Description of the task:
The entries below need to be transcribed exactly, without their images.

--- Data for this exercise ---

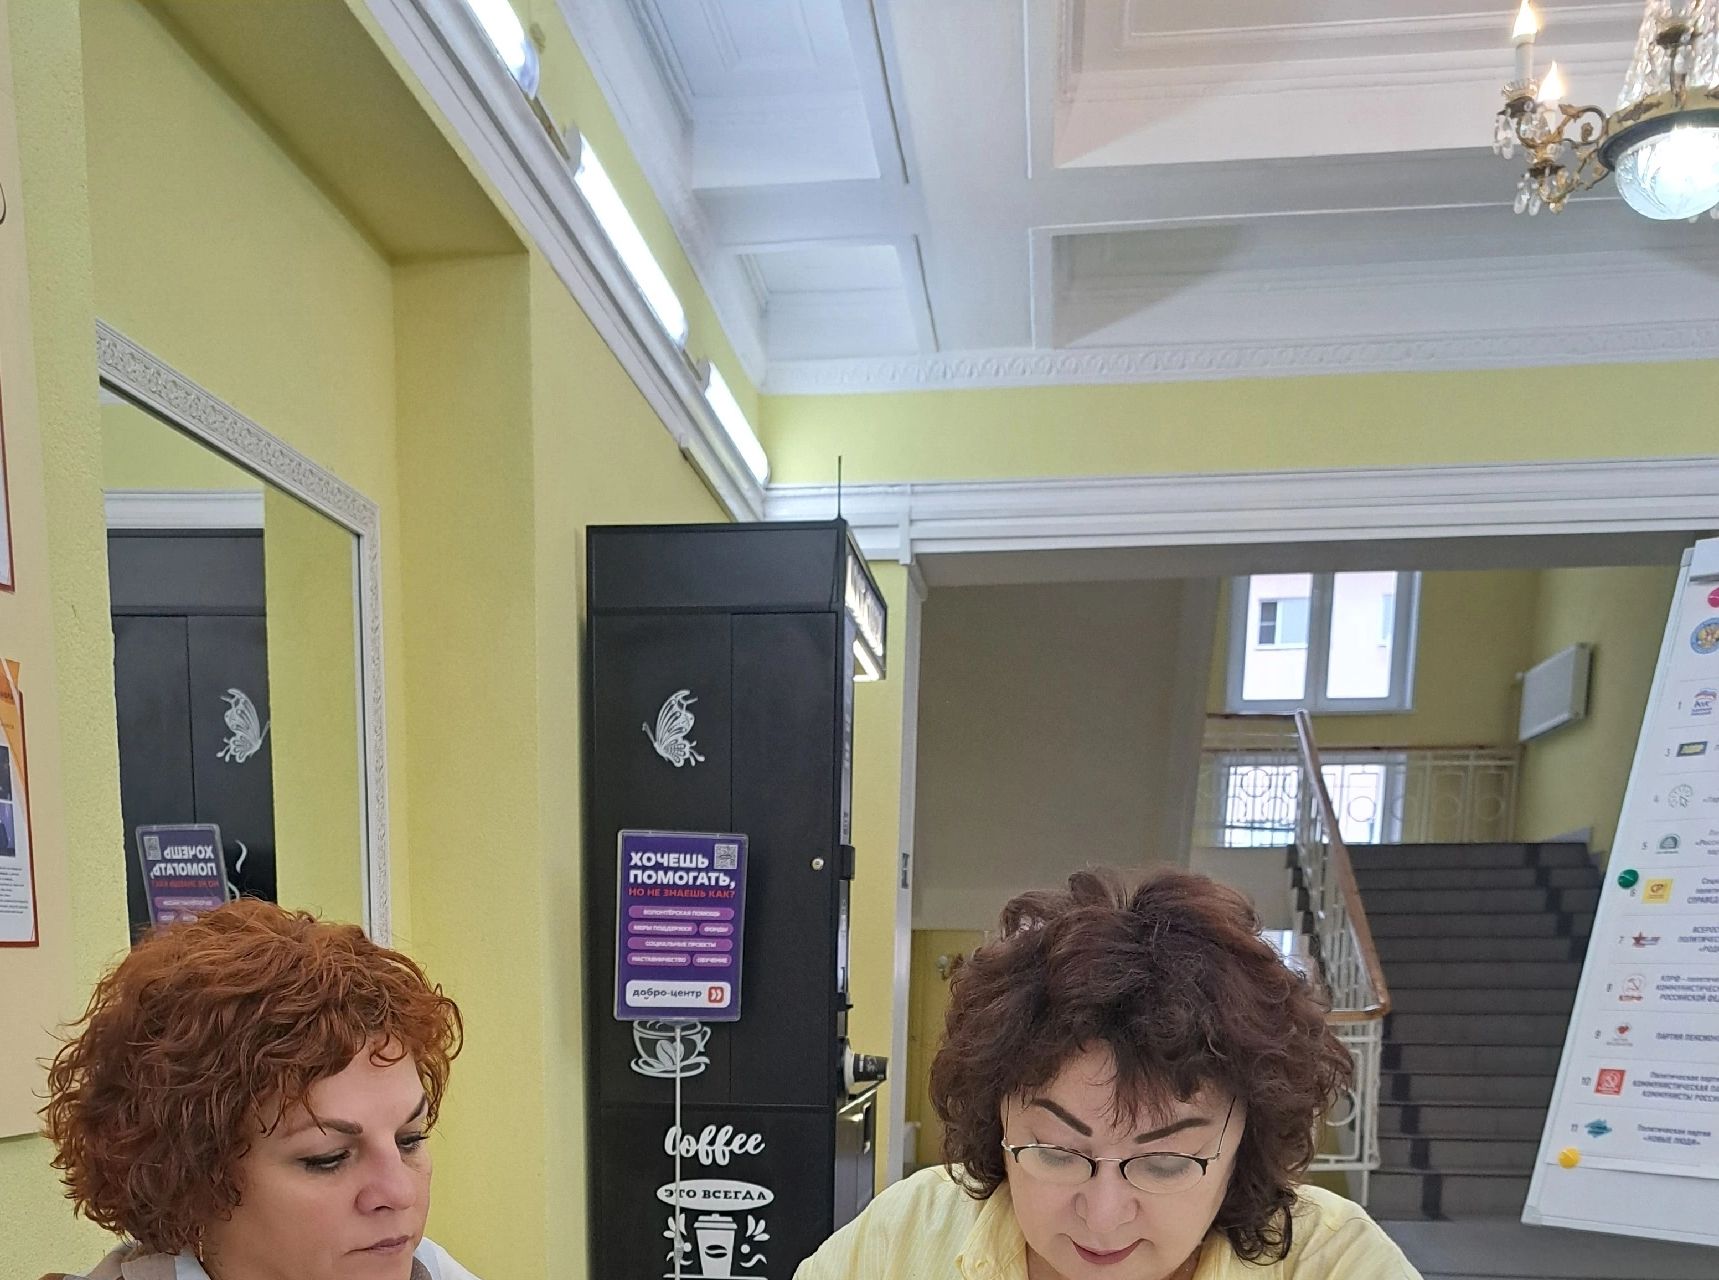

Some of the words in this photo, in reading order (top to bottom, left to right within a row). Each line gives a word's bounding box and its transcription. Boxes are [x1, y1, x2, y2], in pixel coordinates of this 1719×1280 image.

[629, 851, 709, 868] ХОЧЕШЬ
[629, 869, 736, 889] ПОМОГАТЬ,
[629, 888, 644, 897] НО
[647, 888, 660, 897] НЕ
[663, 889, 706, 898] ЗНАЕШЬ
[709, 890, 735, 899] КАК?
[632, 988, 702, 998] добро-центр
[664, 1125, 765, 1165] Coffee
[664, 1188, 697, 1199] ЭТО
[702, 1189, 767, 1201] ВСЕГДА

---

Exercise output:
Some of the words in this photo, in reading order (top to bottom, left to right within a row). Each line gives a word's bounding box and its transcription. Boxes are [x1, y1, x2, y2], in pixel coordinates of this 1719×1280 image.

[629, 851, 709, 868] ХОЧЕШЬ
[629, 869, 736, 889] ПОМОГАТЬ,
[629, 888, 644, 897] НО
[647, 888, 660, 897] НЕ
[663, 889, 706, 898] ЗНАЕШЬ
[709, 890, 735, 899] КАК?
[632, 988, 702, 998] добро-центр
[664, 1125, 765, 1165] Coffee
[664, 1188, 697, 1199] ЭТО
[702, 1189, 767, 1201] ВСЕГДА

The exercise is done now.